O ex-âncora de programa popular da TV que virou favorito em Belo Horizonte
Mauro Tramonte acena ao eleitor de centro e ganha apoio de políticos rivais na eleição municipal
Dez anos depois de estrear como apresentador do Balanço Geral, programa de forte apelo entre as camadas mais populares, o jornalista Mauro Tramonte (Republicanos) elegeu-se como o deputado estadual mais votado de Minas Gerais em 2018. Seis anos e uma reeleição depois, o capital político consolidado por aparições diárias na TV — da qual se afastou em junho deste ano — continua dando frutos. Mesmo com apenas cinquenta segundos no horário eleitoral e sem apoio de Lula ou de Jair Bolsonaro, que polarizam a cena política nacional, o apresentador está na liderança da disputa pela prefeitura de Belo Horizonte, terceiro maior colégio eleitoral do país, com 30% das intenções de voto, segundo pesquisa Quaest (veja o quadro). Com isso, virou o adversário a ser perseguido em uma corrida que estava absolutamente embaralhada até a sua entrada no páreo, em maio.
Tramonte chegou à liderança com um perfil construído longe da radicalização. Embora tenha se beneficiado da onda de renovação de 2018, quando se apresentou como um outsider e foi eleito deputado com 516 000 votos, o jornalista se autodefine como um político de centro. Seu afastamento da polarização nacional é apontado por ele mesmo como o motivo da queda expressiva na votação em 2022, quando foi reeleito com 110 000 votos. Neste ano, pretende se manter longe das discussões que envolvem lulistas e bolsonaristas, mesmo porque os dois grupos têm candidatos próprios na capital mineira: o deputado federal Rogério Correia (PT) e o deputado estadual Bruno Engler (PL). Tramonte, por outro lado, conseguiu atrair para seu palanque dois nomes de peso no estado: o governador Romeu Zema e o ex-prefeito da cidade Alexandre Kalil.

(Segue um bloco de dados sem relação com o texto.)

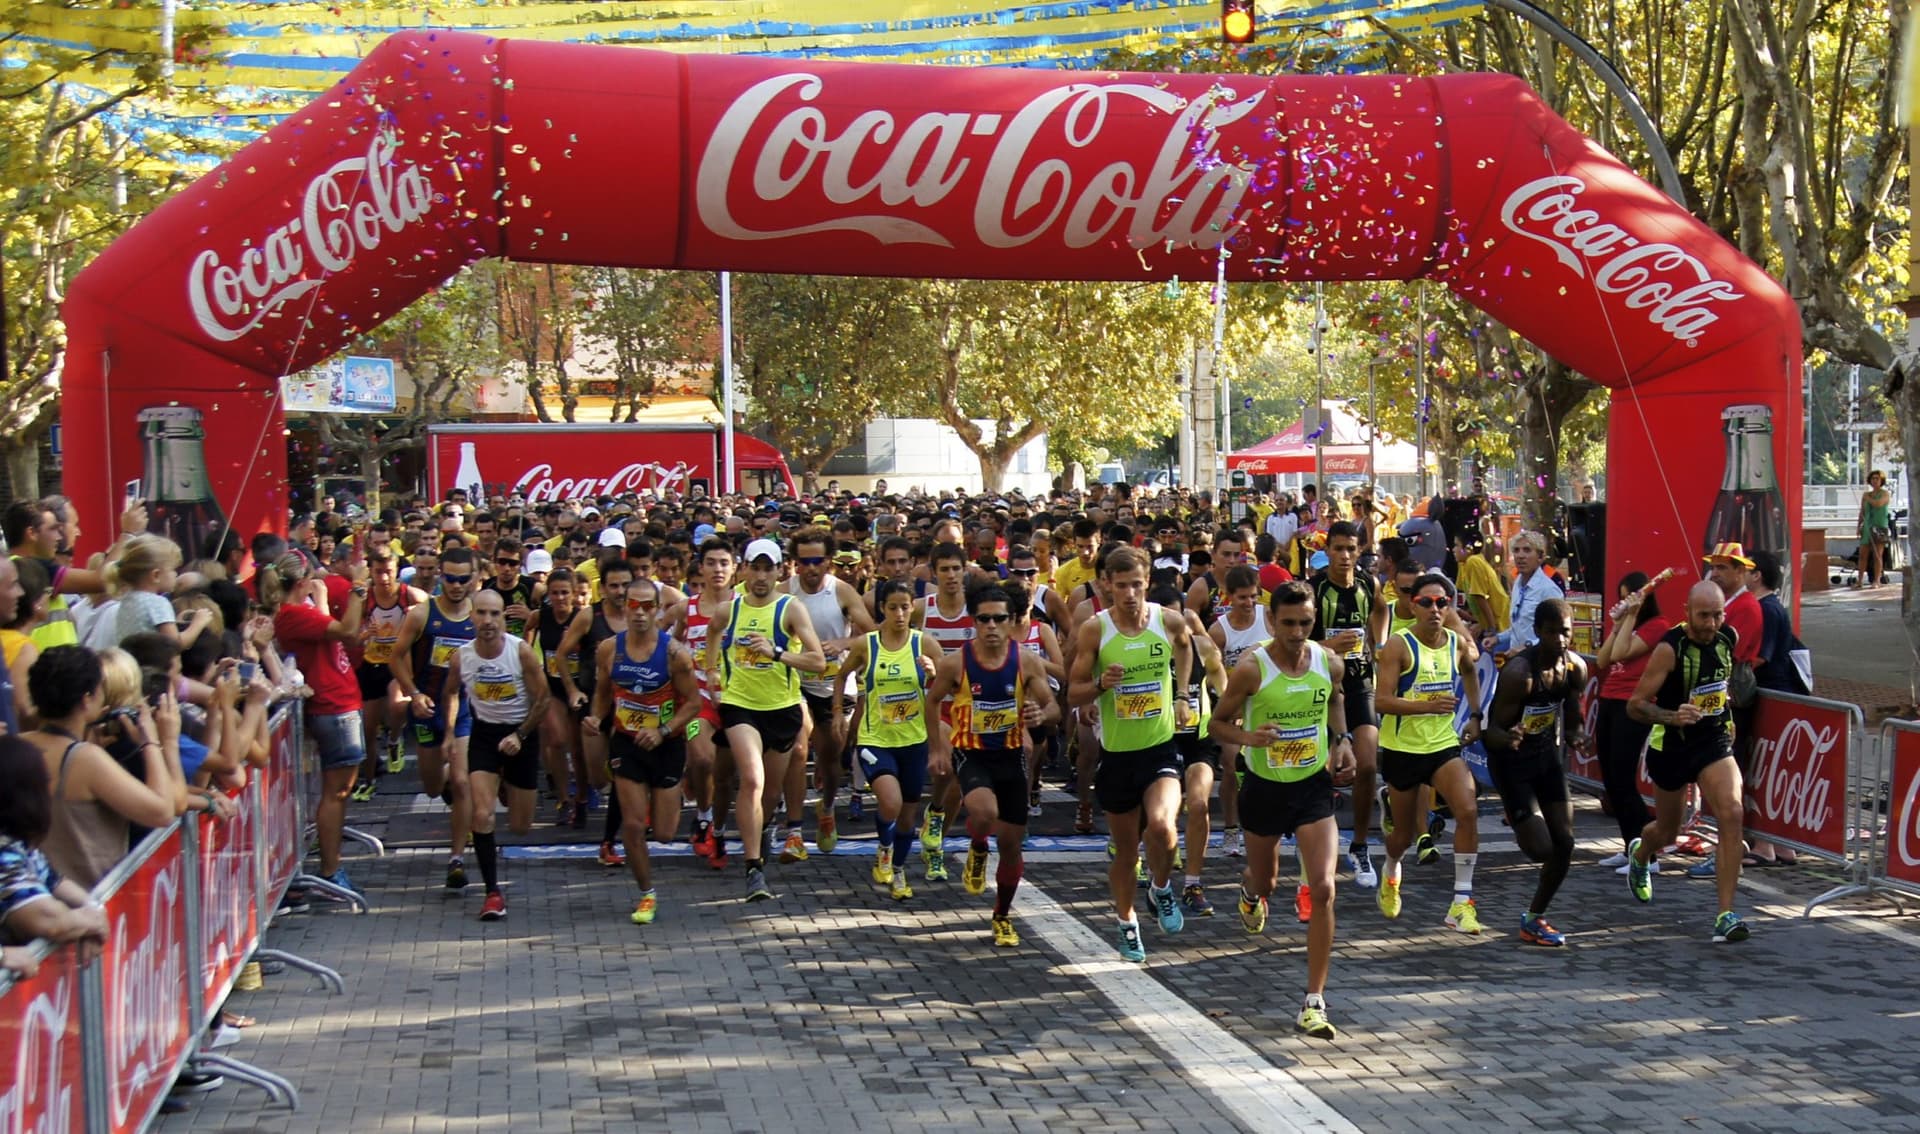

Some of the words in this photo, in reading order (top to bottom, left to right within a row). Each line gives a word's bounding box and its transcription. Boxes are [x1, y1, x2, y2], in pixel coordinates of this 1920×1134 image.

[697, 73, 1267, 250] Coca-Cola
[188, 133, 434, 342] Coca-Cola
[1500, 175, 1745, 341] Coca-Cola
[1151, 642, 1163, 656] LS
[618, 664, 651, 675] saucony
[888, 664, 901, 675] LS
[1123, 662, 1164, 675] SANSI.COM
[1715, 668, 1724, 679] LS
[1313, 689, 1326, 704] LS
[1267, 709, 1323, 719] LASANSI.COM
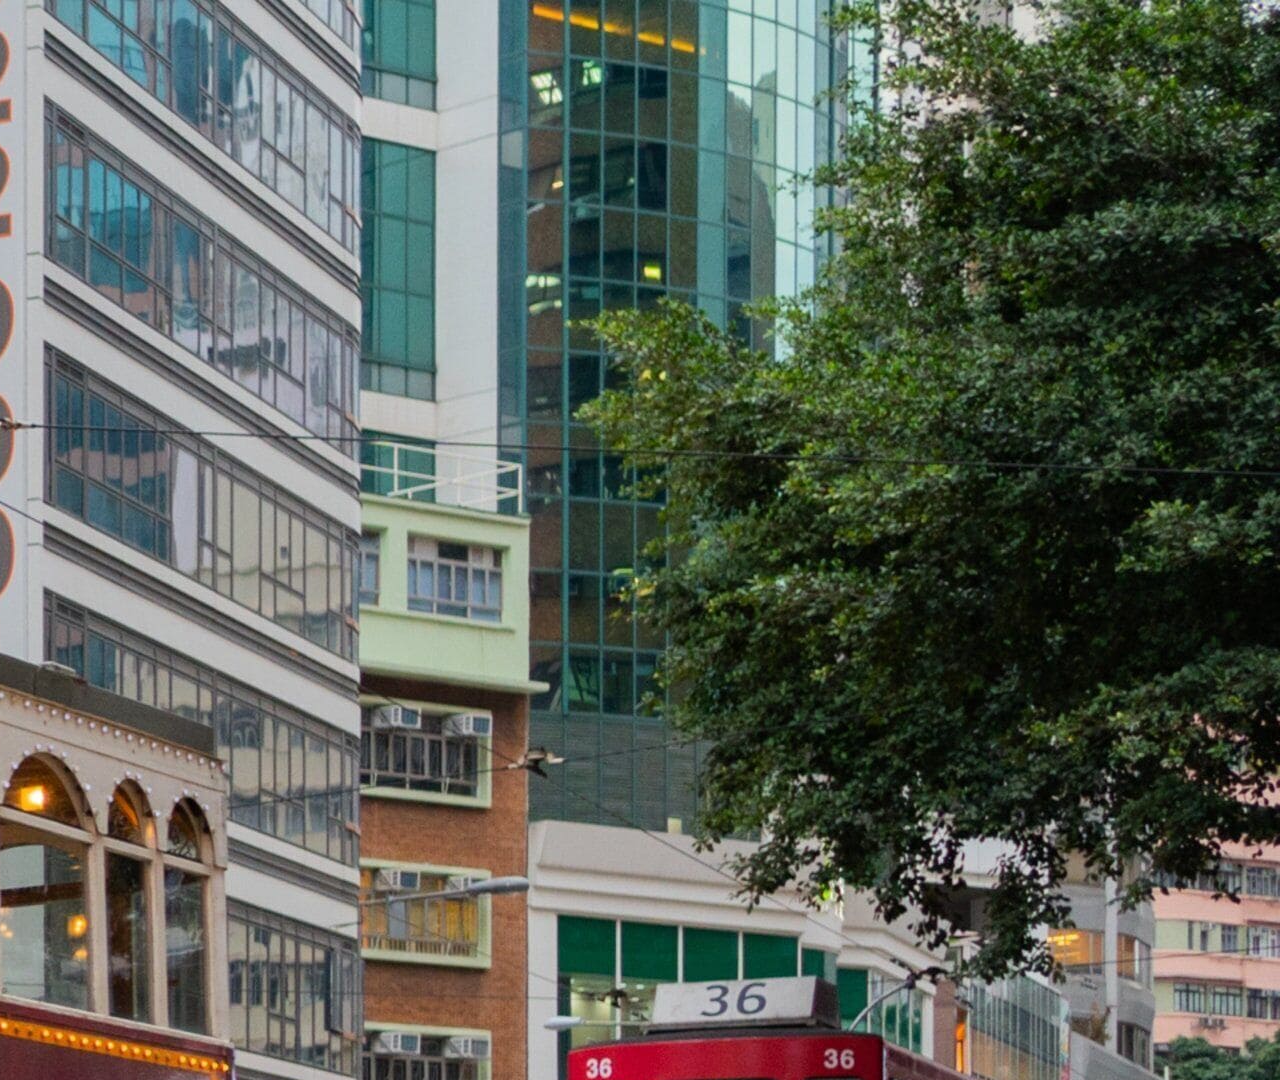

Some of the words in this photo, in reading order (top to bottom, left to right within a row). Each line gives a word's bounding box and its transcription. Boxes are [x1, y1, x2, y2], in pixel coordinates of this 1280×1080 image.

[700, 982, 767, 1017] 36
[585, 1057, 613, 1079] 36
[823, 1048, 856, 1071] 36
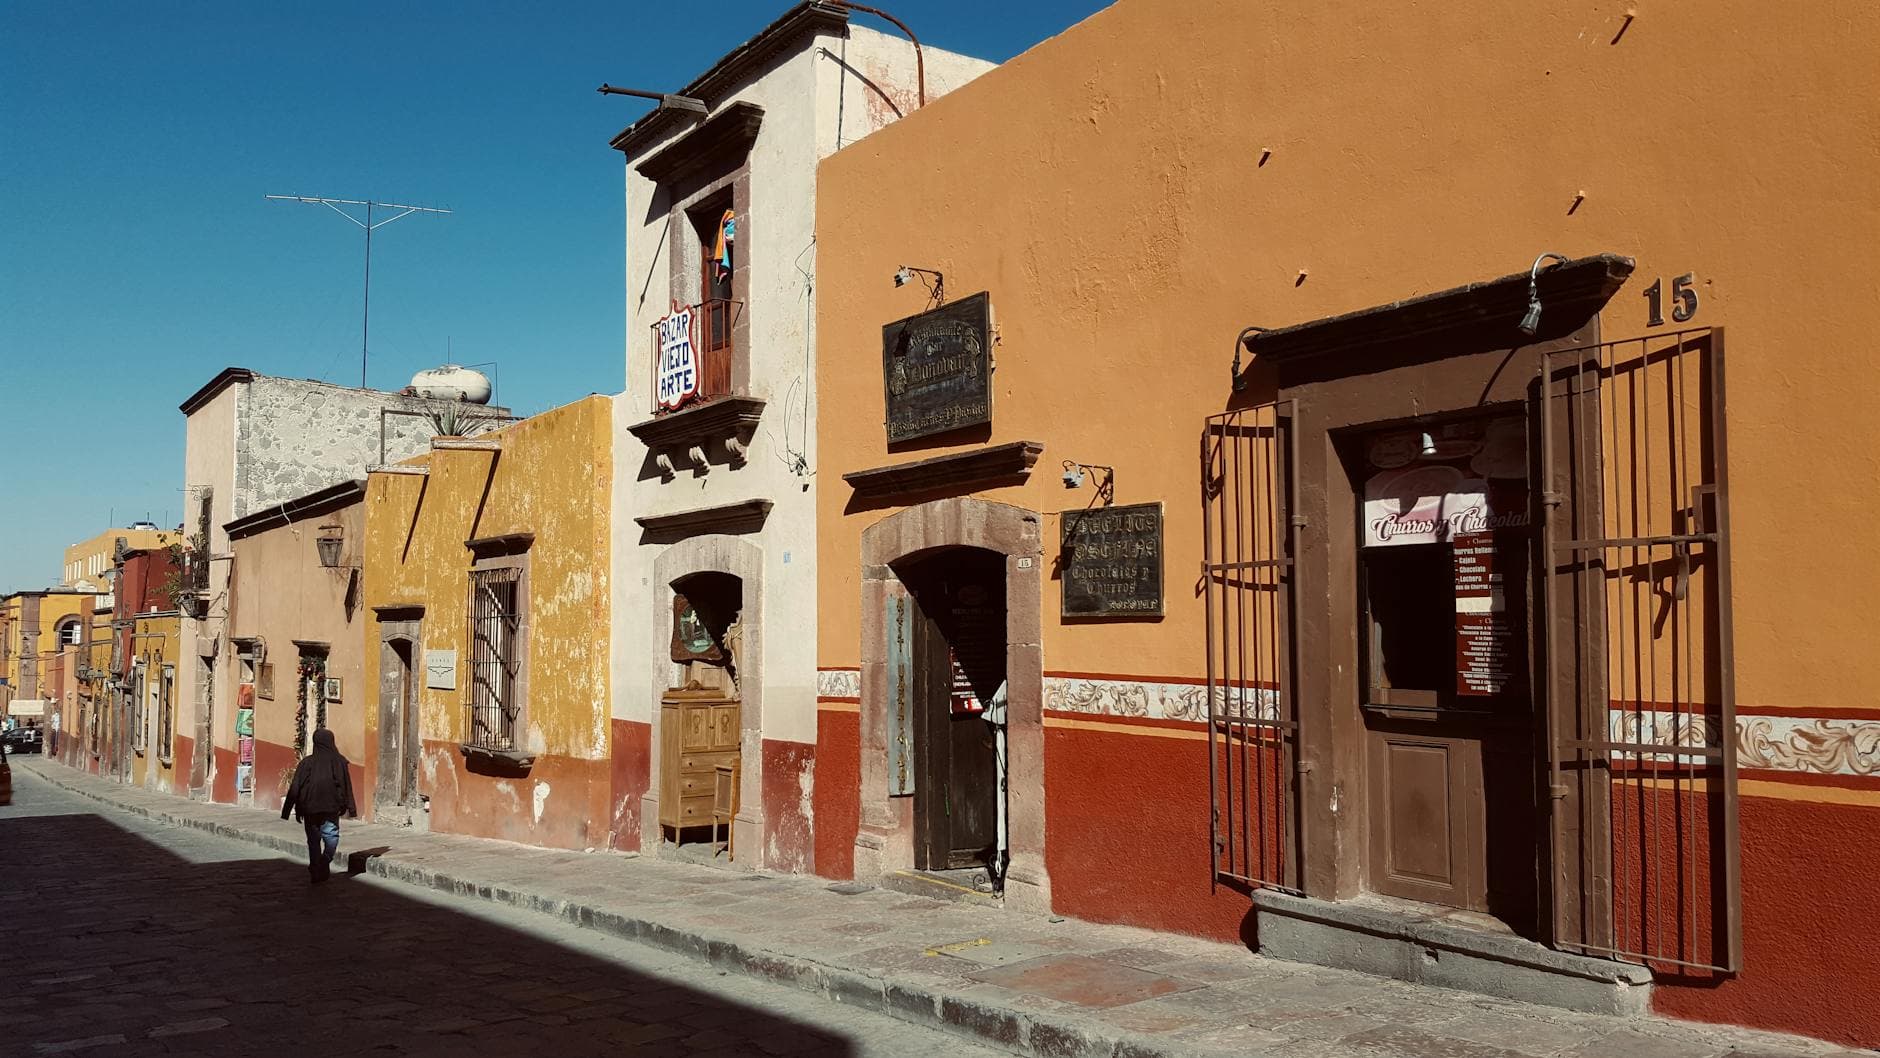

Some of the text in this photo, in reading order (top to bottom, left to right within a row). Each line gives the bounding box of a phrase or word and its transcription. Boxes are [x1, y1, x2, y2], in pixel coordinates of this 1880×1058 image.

[1643, 272, 1698, 327] 15
[662, 314, 688, 345] BAZAR
[661, 369, 693, 399] ARTE
[1371, 513, 1434, 541] Churros
[1021, 559, 1029, 567] 15
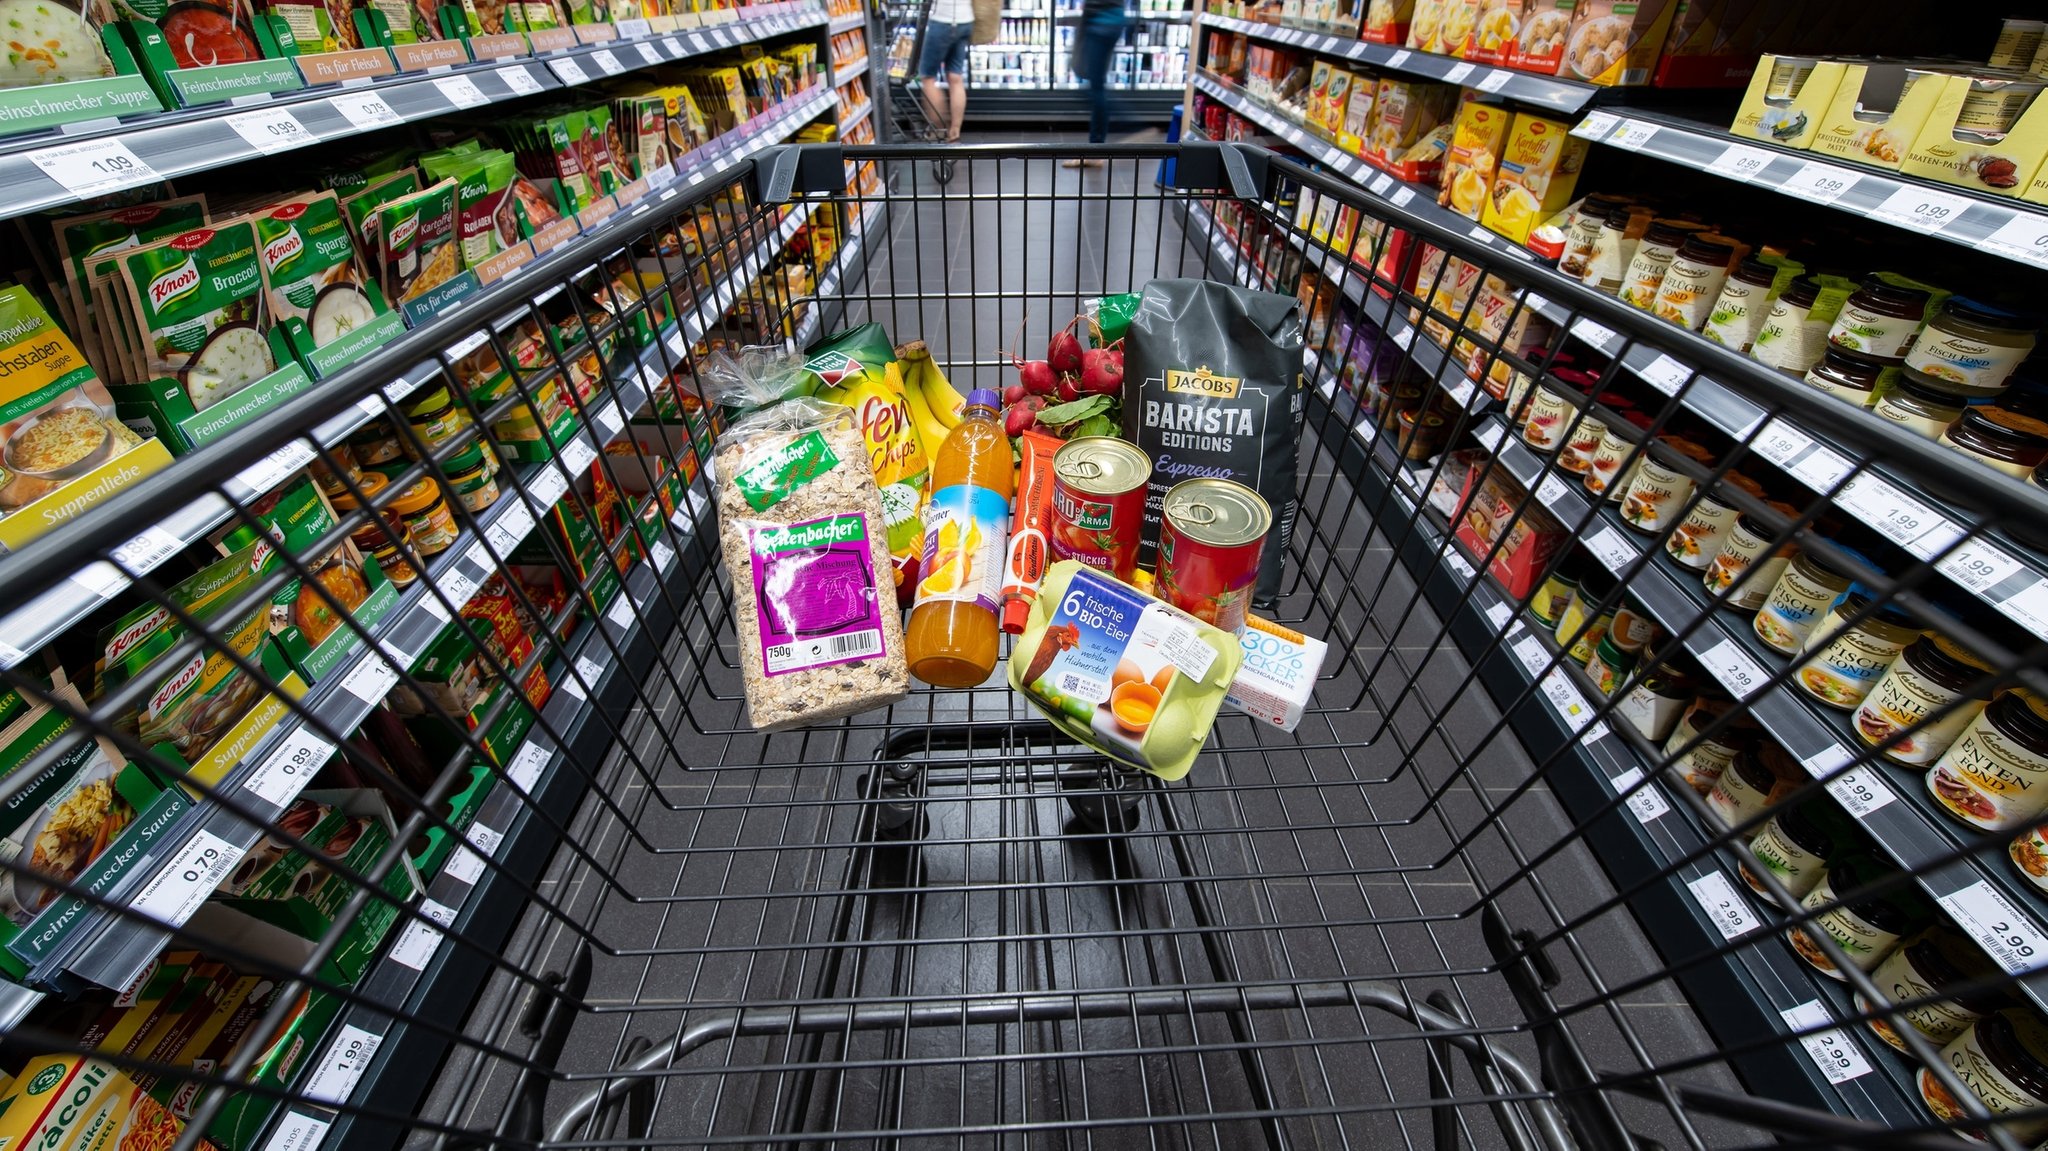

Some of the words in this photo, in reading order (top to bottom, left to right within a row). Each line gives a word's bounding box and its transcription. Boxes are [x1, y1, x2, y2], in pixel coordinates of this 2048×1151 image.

Embora tenha construído seu capital político narrando crimes, episódios excêntricos da vida cotidiana ou histórias variadas de apelo popular, a plataforma de Tramonte para a prefeitura se escora em sua vida política. Como cartão de visita, mostra projetos que apresentou como deputado, como o de tombamento da Serra do Curral, além da destinação de emendas para escolas, hospitais e defesa civil. Ele evita temas ligados aos costumes, que mobilizam o eleitorado mais à direita. Questionado sobre aborto, por exemplo, diz apenas que vai “cumprir a lei”. A aposta é na guinada do eleitor belo-horizontino para a centro-direita nos últimos anos, depois de eleger cinco prefeitos de centro-esquerda, do PSDB ao PT. “Desde 2016, com Kalil, o eleitor pendeu para o lado conservador, e isso se reflete na lista de candidatos, com quatro da centro-direita e dois da centro-esquerda”, avalia Carlos Ranulfo, cientista político e professor da UFMG. Segundo Tramonte, o tempo à frente do programa foi importante para se tornar conhecido, mas não será suficiente para garantir o triunfo. “A imagem ajuda, mas as pessoas não querem saber só do apresentador de TV, por isso estamos gastando sola de sapato pela cidade”, afirma.
A estratégia dos adversários se apoia em duas frentes. Uma é jogar luz exatamente sobre sua carreira como deputado, que eles consideram pífia. Outra é apostar no peso de Lula e Bolsonaro. Dono do maior tempo de TV, Bruno Engler (PL) usa à exaustão a imagem de Bolsonaro, que foi a Belo Horizonte apoiá-lo em um ato de rua. Rogério Correia (PT) se sustenta em Lula, que gravou vídeos para o candidato. “Ele vai apanhar dos eleitores do Lula pela ligação com Zema, e dos eleitores de Bolsonaro por causa do apoio do Kalil”, aposta Correia.
O uso da TV para entrar na política não é um fenômeno raro no Brasil. Nomes como Clodovil, Wagner Montes, Jorge Kajuru, Celso Russomanno e Roberto Jefferson são alguns exemplos de condutores de programas populares que foram sucesso nas urnas. Nos últimos anos, até pela concorrência com as celebridades da internet, isso tem se tornado mais difícil. Um exemplo é José Luiz Datena, ex-âncora de programas como Cidade Alerta (Record) e Brasil Urgente (Band), que patina na disputa em São Paulo, em especial depois da ascensão de um fenômeno gerado nas redes sociais, o coach Pablo Marçal (PRTB). Alavancado pela TV, o desafio de Tramonte é manter seu ibope em alta em meio ao pelotão de concorrentes que pretendem desafiá-lo até o horário nobre da eleição: o dia da votação.